:: INSTRUCTIONS TO FOLLOW ::
Give the listing again exactly, skipping any pictures it holds.

####################

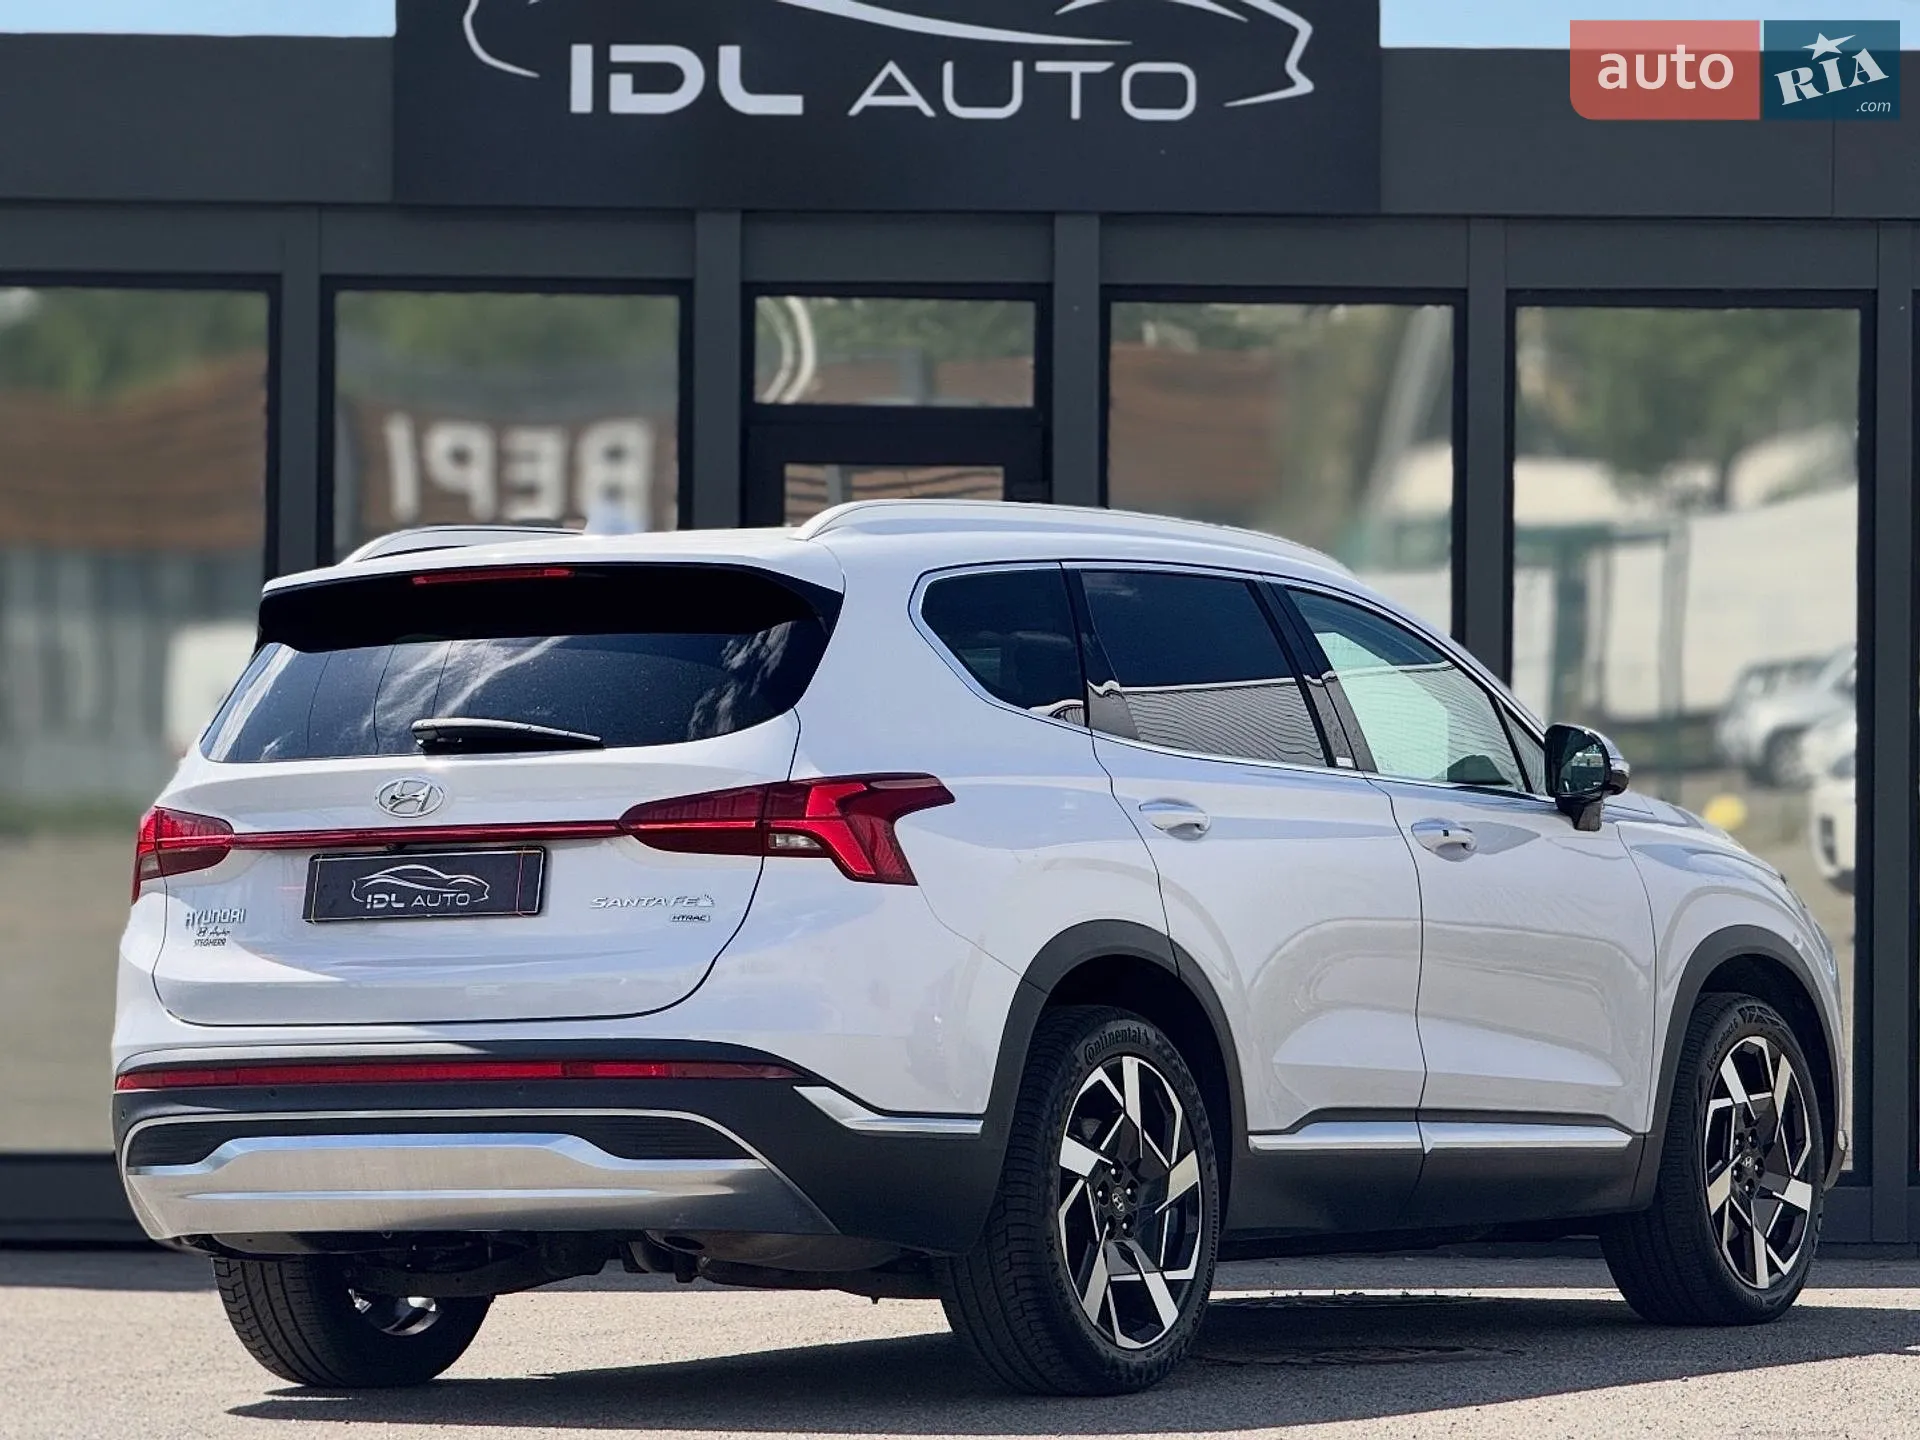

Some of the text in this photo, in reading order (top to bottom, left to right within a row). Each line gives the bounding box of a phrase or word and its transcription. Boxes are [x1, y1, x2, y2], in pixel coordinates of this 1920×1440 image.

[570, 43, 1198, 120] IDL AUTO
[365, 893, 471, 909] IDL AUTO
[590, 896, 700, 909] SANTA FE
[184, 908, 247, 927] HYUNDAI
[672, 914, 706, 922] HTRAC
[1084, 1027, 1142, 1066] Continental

####################

:: RESULT OF THIS EXERCISE ::
Some of the text in this photo, in reading order (top to bottom, left to right within a row). Each line gives the bounding box of a phrase or word and its transcription. Boxes are [x1, y1, x2, y2], in pixel coordinates of this 1920×1440 image.

[570, 43, 1198, 120] IDL AUTO
[365, 893, 471, 909] IDL AUTO
[590, 896, 700, 909] SANTA FE
[184, 908, 247, 927] HYUNDAI
[672, 914, 706, 922] HTRAC
[1084, 1027, 1142, 1066] Continental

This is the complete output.